_What you are asked to do:_ What needs reproducing is the run of lines in the data below starting at the line with "this 1200×1000 image." and ending at the line with "this 1200×1600 image.", both ends included. Copy it exactly, without pictures, and add nothing.
-- Given information follows --
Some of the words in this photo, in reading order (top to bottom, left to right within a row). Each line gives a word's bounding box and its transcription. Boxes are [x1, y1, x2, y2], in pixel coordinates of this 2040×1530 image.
-- Given information concluded --
-- Given information follows --
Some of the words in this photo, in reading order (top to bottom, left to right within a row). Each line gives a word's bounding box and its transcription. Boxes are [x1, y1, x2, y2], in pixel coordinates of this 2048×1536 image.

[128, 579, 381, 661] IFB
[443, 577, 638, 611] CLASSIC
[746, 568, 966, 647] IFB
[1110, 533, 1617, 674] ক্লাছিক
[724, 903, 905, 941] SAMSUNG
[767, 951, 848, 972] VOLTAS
-- Given information concluded --
-- Given information follows --
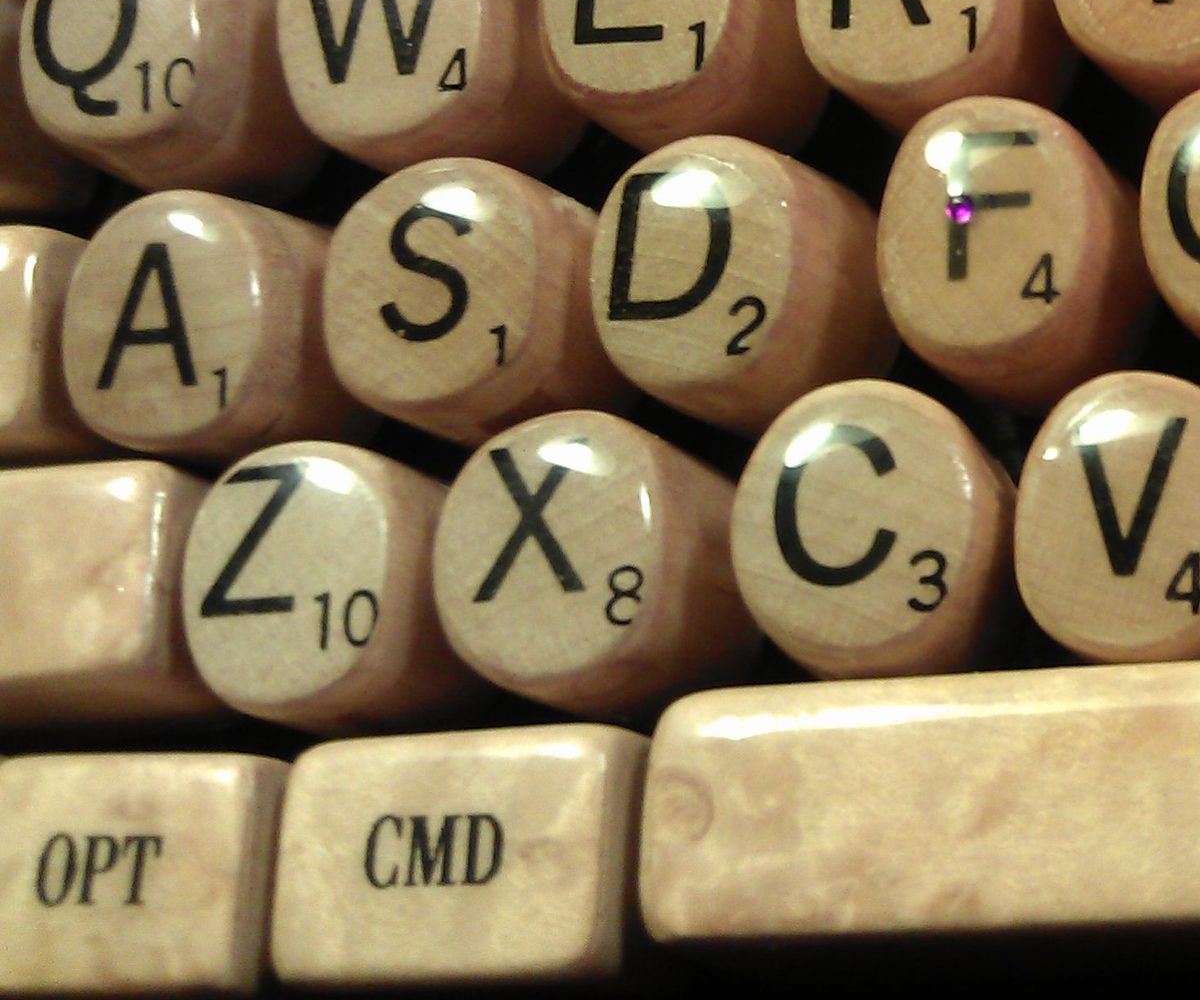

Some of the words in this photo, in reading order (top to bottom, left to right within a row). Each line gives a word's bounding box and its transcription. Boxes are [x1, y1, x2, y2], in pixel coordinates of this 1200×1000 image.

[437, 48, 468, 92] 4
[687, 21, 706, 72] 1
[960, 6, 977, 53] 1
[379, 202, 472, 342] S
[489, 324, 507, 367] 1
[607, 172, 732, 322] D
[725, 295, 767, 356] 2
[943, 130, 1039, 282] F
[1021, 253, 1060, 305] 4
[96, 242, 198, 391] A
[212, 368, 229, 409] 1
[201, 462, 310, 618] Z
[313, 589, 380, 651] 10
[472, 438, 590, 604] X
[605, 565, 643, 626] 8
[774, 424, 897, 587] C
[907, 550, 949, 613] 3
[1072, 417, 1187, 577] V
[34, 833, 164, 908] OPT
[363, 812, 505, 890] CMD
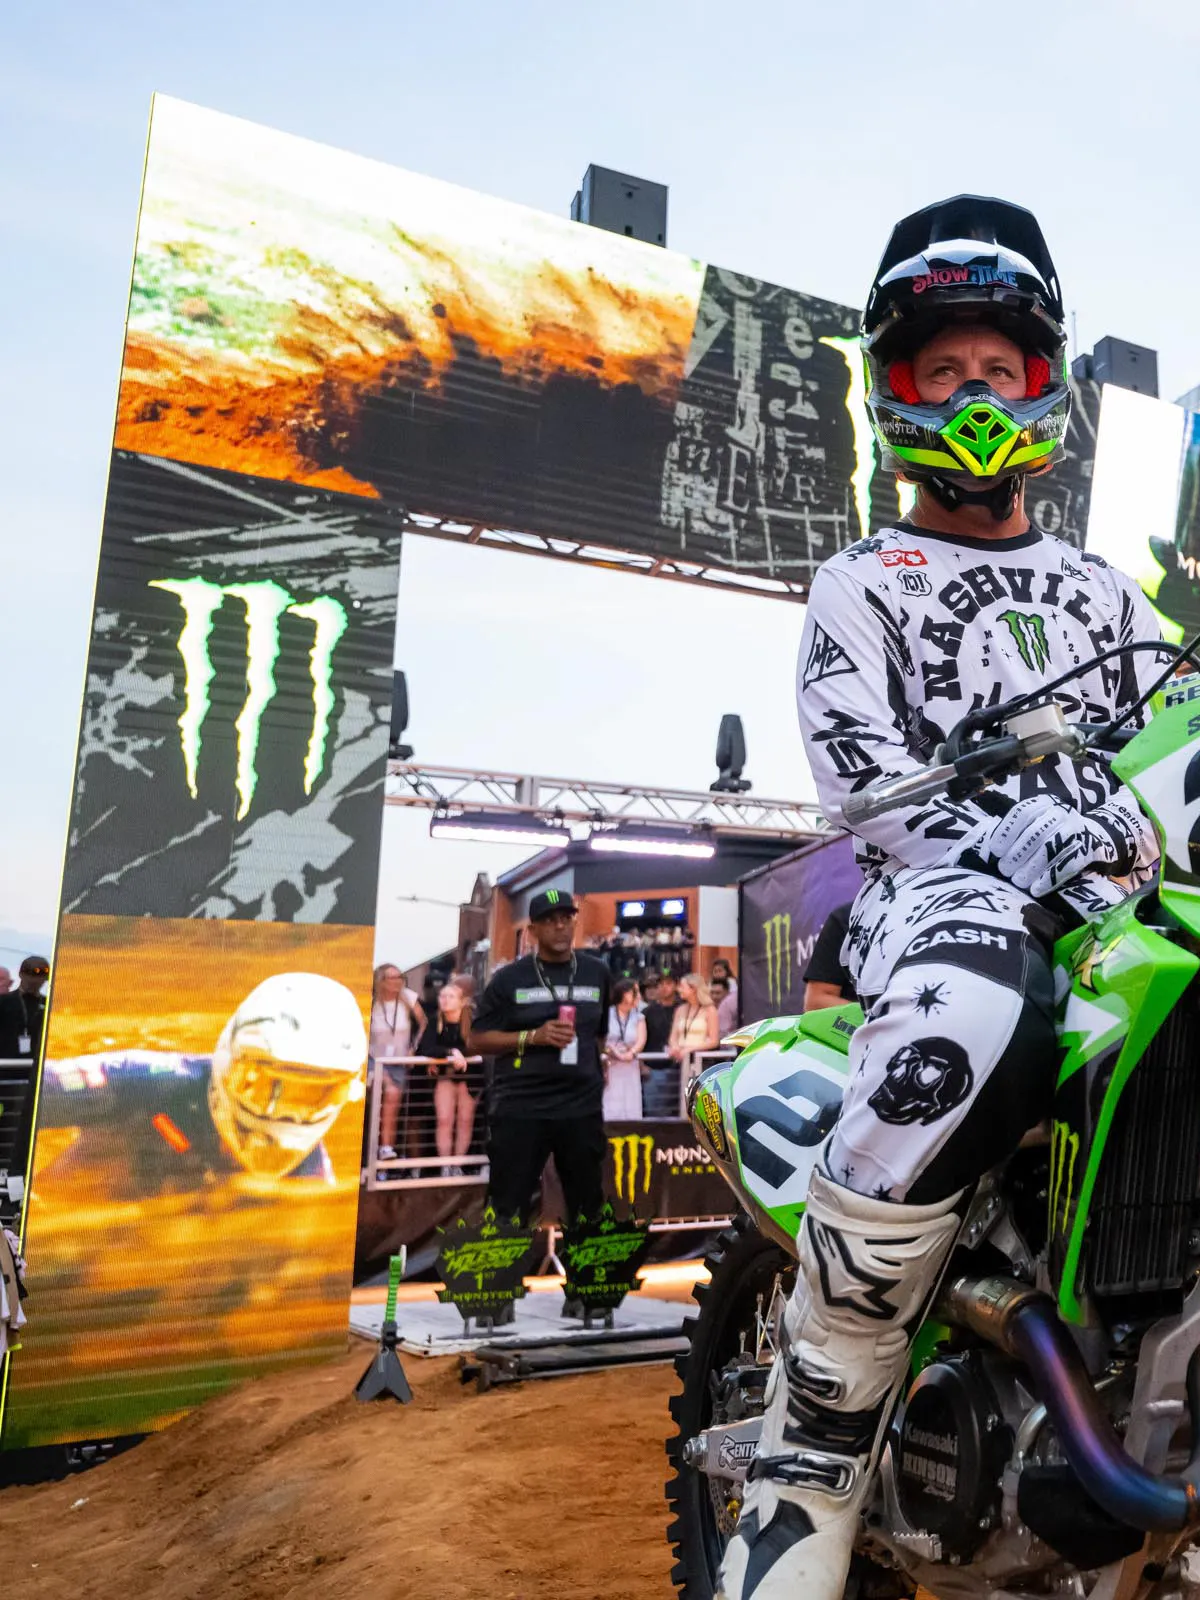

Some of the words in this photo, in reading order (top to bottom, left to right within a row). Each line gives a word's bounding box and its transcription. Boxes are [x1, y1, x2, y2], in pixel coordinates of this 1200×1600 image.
-- Given information concluded --
_Exercise response:_
Some of the words in this photo, in reading order (top to bottom, left to right within a row). Each line gives a word's bounding box and its transcription. Boxes are [x1, y1, x2, y2], in pixel coordinates of this 1200×1000 image.

[437, 48, 468, 92] 4
[687, 21, 706, 72] 1
[960, 6, 977, 53] 1
[379, 202, 472, 342] S
[489, 324, 507, 367] 1
[607, 172, 732, 322] D
[725, 295, 767, 356] 2
[943, 130, 1039, 282] F
[1021, 253, 1060, 305] 4
[96, 242, 198, 391] A
[212, 368, 229, 409] 1
[201, 462, 310, 618] Z
[313, 589, 380, 651] 10
[472, 438, 590, 604] X
[605, 565, 643, 626] 8
[774, 424, 897, 587] C
[907, 550, 949, 613] 3
[1072, 417, 1187, 577] V
[34, 833, 164, 908] OPT
[363, 812, 505, 890] CMD

Some of the words in this photo, in reading order (top to bottom, left to right within a row). Each line gives a word's bounding box and its transcription. Boxes are [x1, y1, x2, y2], in pixel coordinates of this 1200×1600 image.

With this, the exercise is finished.